Data excerpts ->
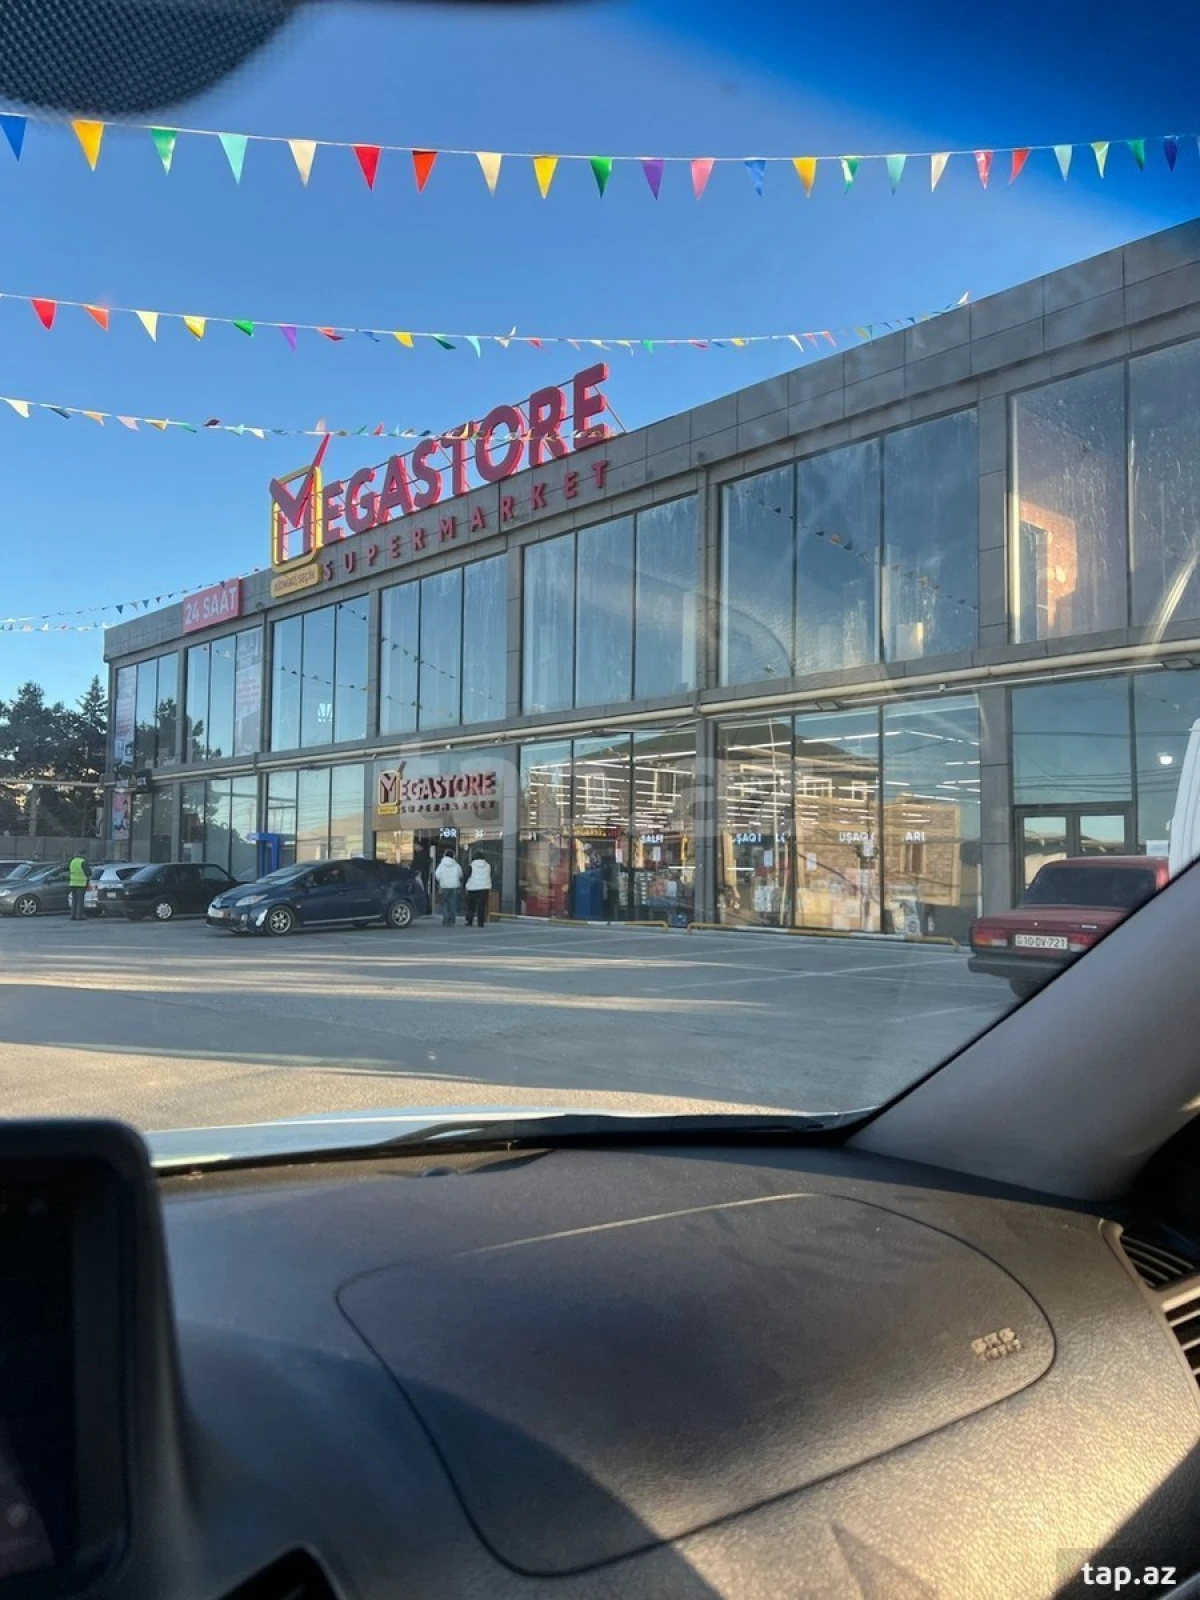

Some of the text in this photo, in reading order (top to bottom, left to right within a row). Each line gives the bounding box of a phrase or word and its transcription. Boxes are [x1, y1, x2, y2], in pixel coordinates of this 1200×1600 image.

[269, 362, 609, 564] MEGASTORE
[323, 460, 609, 581] SUPERMARKET
[185, 587, 237, 625] 24 SAAT
[380, 761, 497, 803] MEGASTORE
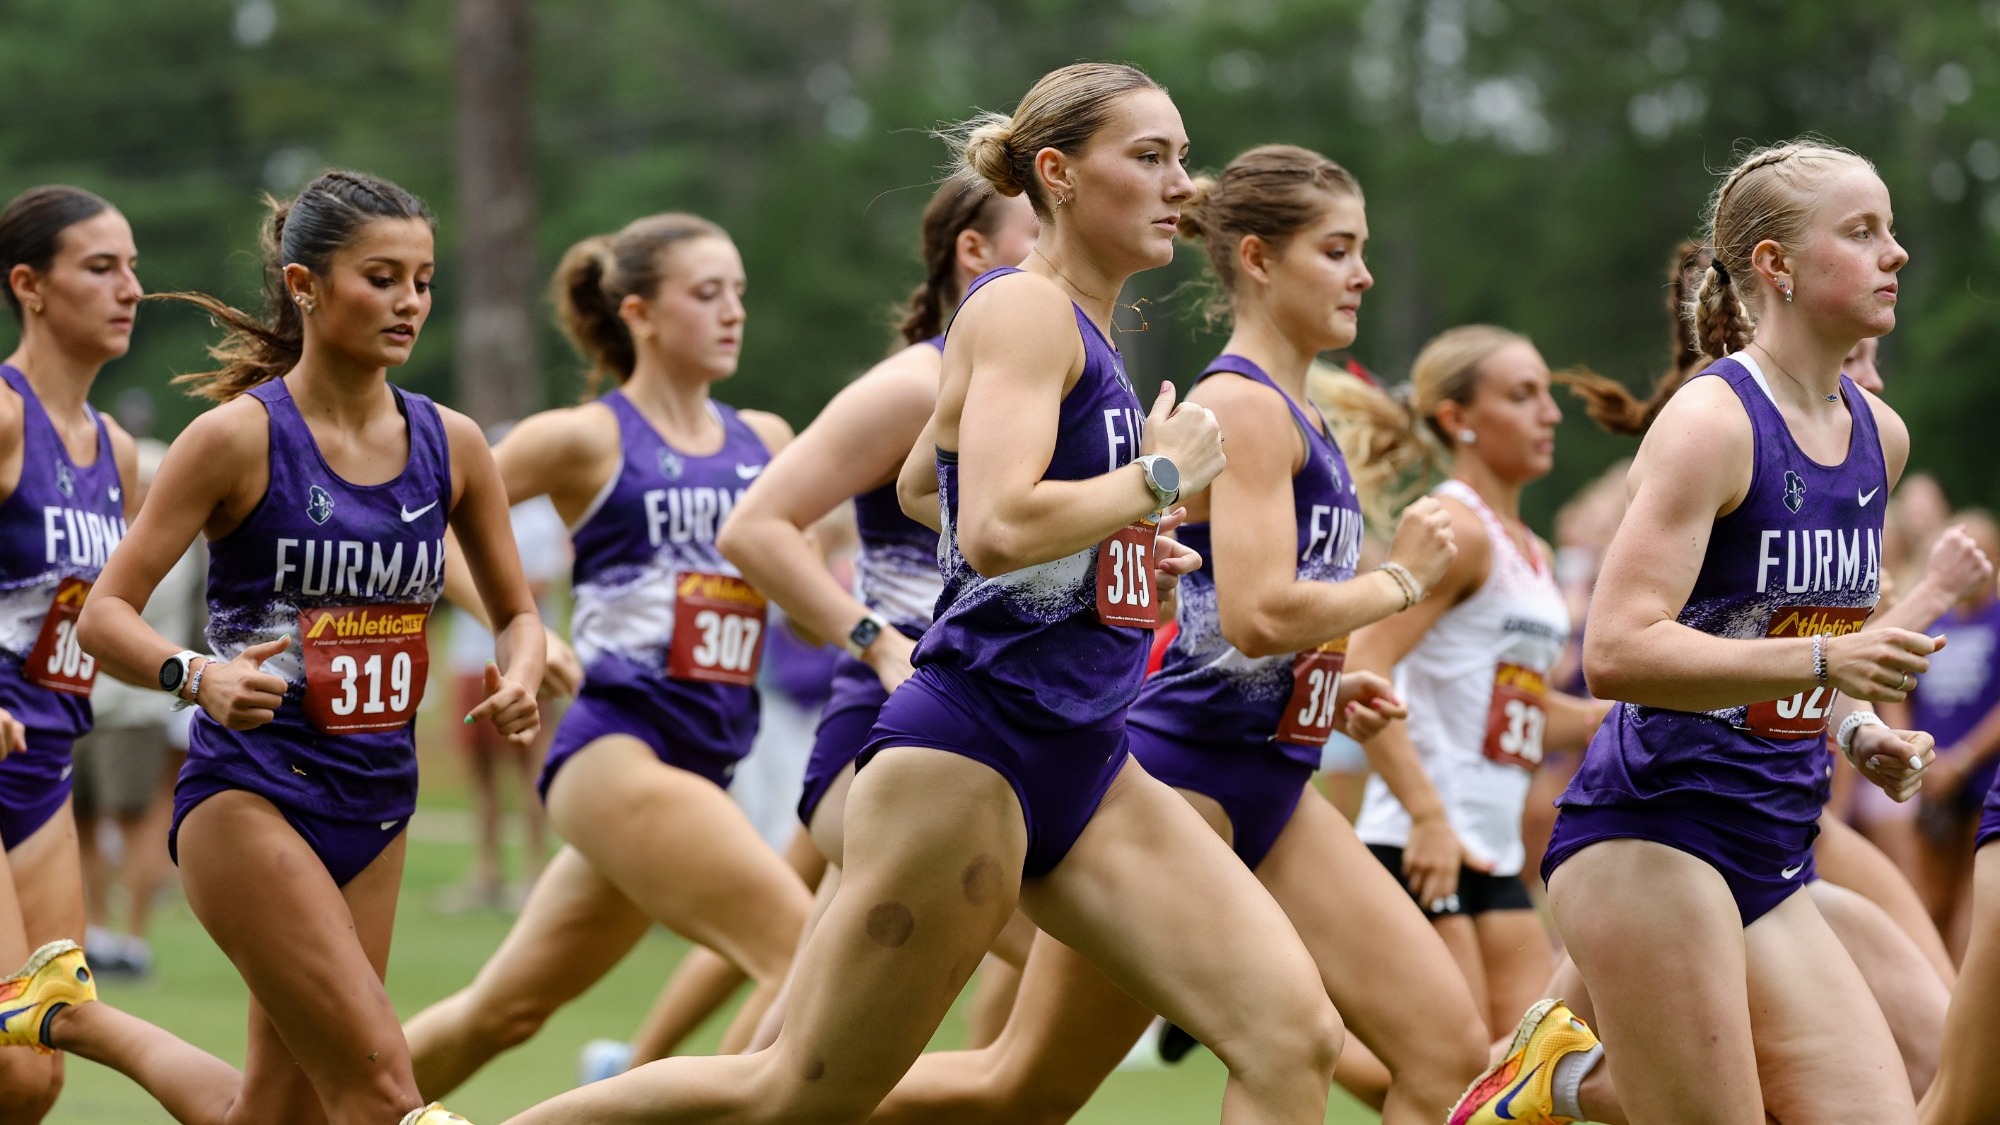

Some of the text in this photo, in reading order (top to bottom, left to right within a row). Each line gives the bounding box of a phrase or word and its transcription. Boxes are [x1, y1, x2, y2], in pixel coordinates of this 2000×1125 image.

[1107, 540, 1150, 607] 315
[1756, 528, 1882, 593] FURMA
[692, 610, 761, 672] 307
[331, 651, 412, 715] 319

Problem to work on -> Please reproduce the line containing "this 2000×1125 image." and each line after it to the end of the listing, exactly, with nothing added or left out.

Output for this exercise ->
Some of the text in this photo, in reading order (top to bottom, left to right within a row). Each line gives the bounding box of a phrase or word and its transcription. Boxes are [x1, y1, x2, y2], in pixel coordinates of this 2000×1125 image.

[1107, 540, 1150, 607] 315
[1756, 528, 1882, 593] FURMA
[692, 610, 761, 672] 307
[331, 651, 412, 715] 319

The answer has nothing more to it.